Today’s time-poor, tech savvy consumers have virtually unlimited choice and discretion in how, where and when to spend their money – ‘build it and they will come’ no longer cuts it in the 21st century. Large-scale multiplex complexes can no longer rely on juggernaut movie launches to drive footfall and many are already in financial freefall. Shopping centres – traditionally anchored with a cinema – will surely also need to up their game as a key driver of incremental visitor footfall risks becoming a “white elephant” ripe for redevelopment.
The rapid progression of technology and AI raises concerns about the potential loss of physical and social interactions – and streaming undoubtedly has its own limitations. When we’re watching at home or on the move, it’s often just us – atomised – and no quantity of streamed entertainment can ever quench our thirst for genuine experiences: unique moments, shared moments, stir-the-soul moments.
Whilst this all might feel a bit Blockbuster circa 2003, for those willing to change-up, it’s certainly not without hope. Here’s just a few of the new wave of entertainment bucking the trend:
• With over five million tickets sold in two years, The Van Gogh Exhibit is the global phenomenon where technology enables art to be completely reimagined for a new and younger audience. Rather than merely witness great art, the blended VR / immersive light and sound experience allows you to step into some of the artist’s most compelling works.
• ABBA Voyage in London is a powerful illustration of the impact AI is set to wield upon the future of “live” performance – avatars blending seamlessly with human performers, creating memorable, captivating experiences that blend the boundaries between reality and fiction. With the advancements in AI, we are fast heading to entertainment, whose only restriction is imagination.
• In 2023, the entertainment industry reacted with awe at the sheer ambition, architecture and advanced technical sophistication of the ‘The Sphere’ in Las Vegas – no less than a total reimagining of the Stadium Concert experience for the 21st century. The Sphere, which stands 111m tall and 150m in diameter, is wrapped internally and externally with LED screens and integrated speaker technology to deliver a whole new paradigm of unrestricted sonic and visual exhilaration for audiences and artists alike.
Whilst ABBA Voyage and The Sphere are prohibitively expensive for most developers, the lesson is clear. To capture the customers of today and tomorrow, retail master-planners need to broaden their conception of what entertainment and leisure can be, tear down the obstacles standing in the way and embrace the future.

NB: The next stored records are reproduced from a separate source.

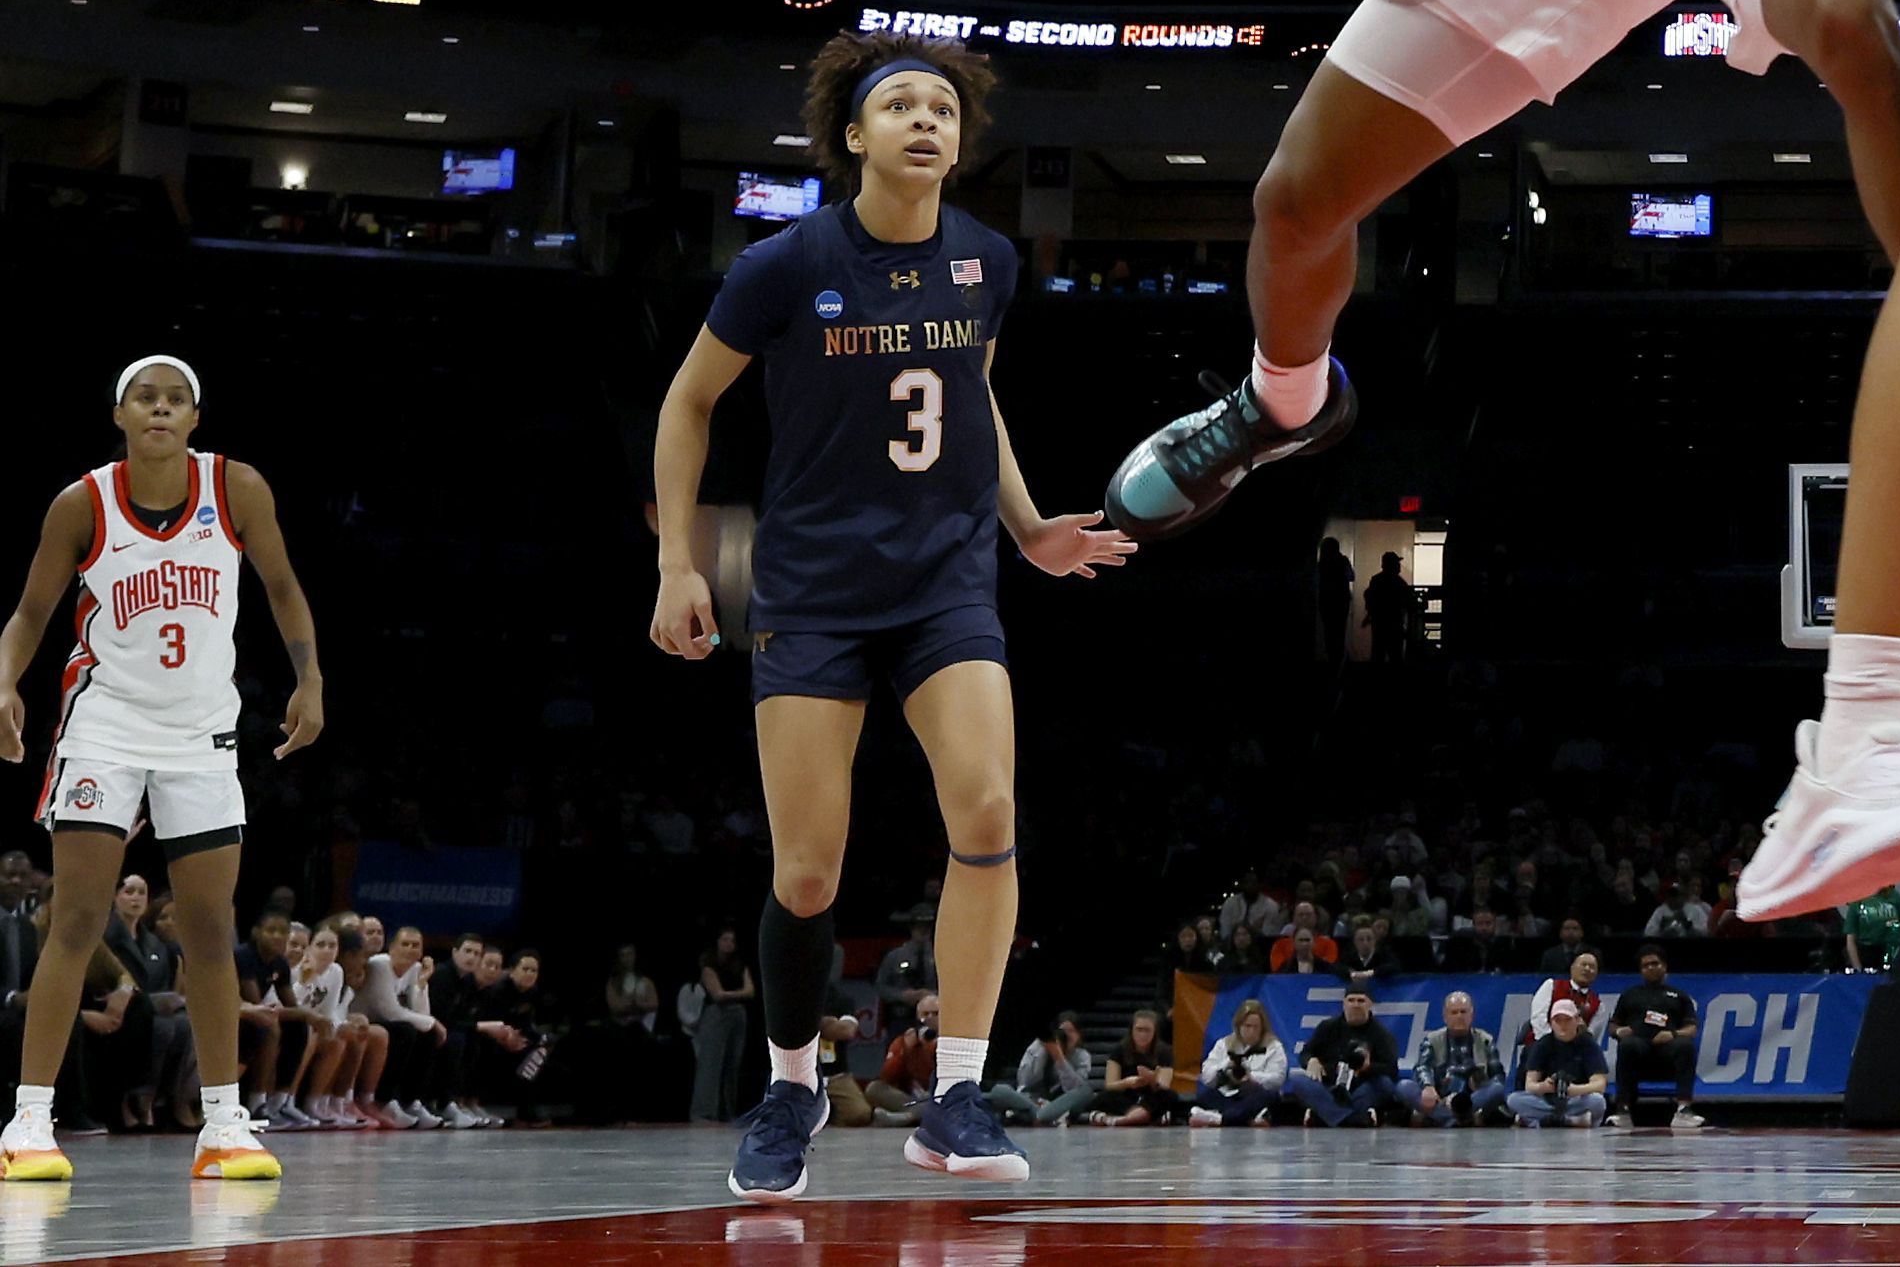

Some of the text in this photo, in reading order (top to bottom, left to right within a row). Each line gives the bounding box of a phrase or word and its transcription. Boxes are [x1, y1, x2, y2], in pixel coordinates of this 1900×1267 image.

[894, 11, 977, 40] FIRST
[1005, 20, 1116, 47] SECOND
[1123, 24, 1233, 47] ROUNDS
[824, 324, 911, 356] NOTRE
[888, 368, 943, 472] 3
[159, 623, 186, 669] 3

In this regard, we think the theatre experience hits the bullseye. We see high demand spread right across the country but a real bottleneck in supply. The best shows are typically concentrated in major cities, often in venues constrained by a combination of high running costs and Victorian-era construction restricting everything from scale, capacities and customer experience, all filtering through to high ticket prices.
Is it now finally time for the industry to firmly embrace a ‘democratisation’ of leisure and entertainment, decentralising from the big-city metropolis and giving back to the people? We certainly think so.
The future of the leisure and entertainment industry in the 21st century is filled with excitement and anticipation. More interactive, personalised and engaging than ever before, from gaming to theme parks to live performances, the possibilities are endless.
So, brace yourselves. The future is bright and it’s time to embrace the limitless opportunities that lie ahead.
As the inimitable Robbie Williams prophesised all those years ago – “Let Me Entertain You”!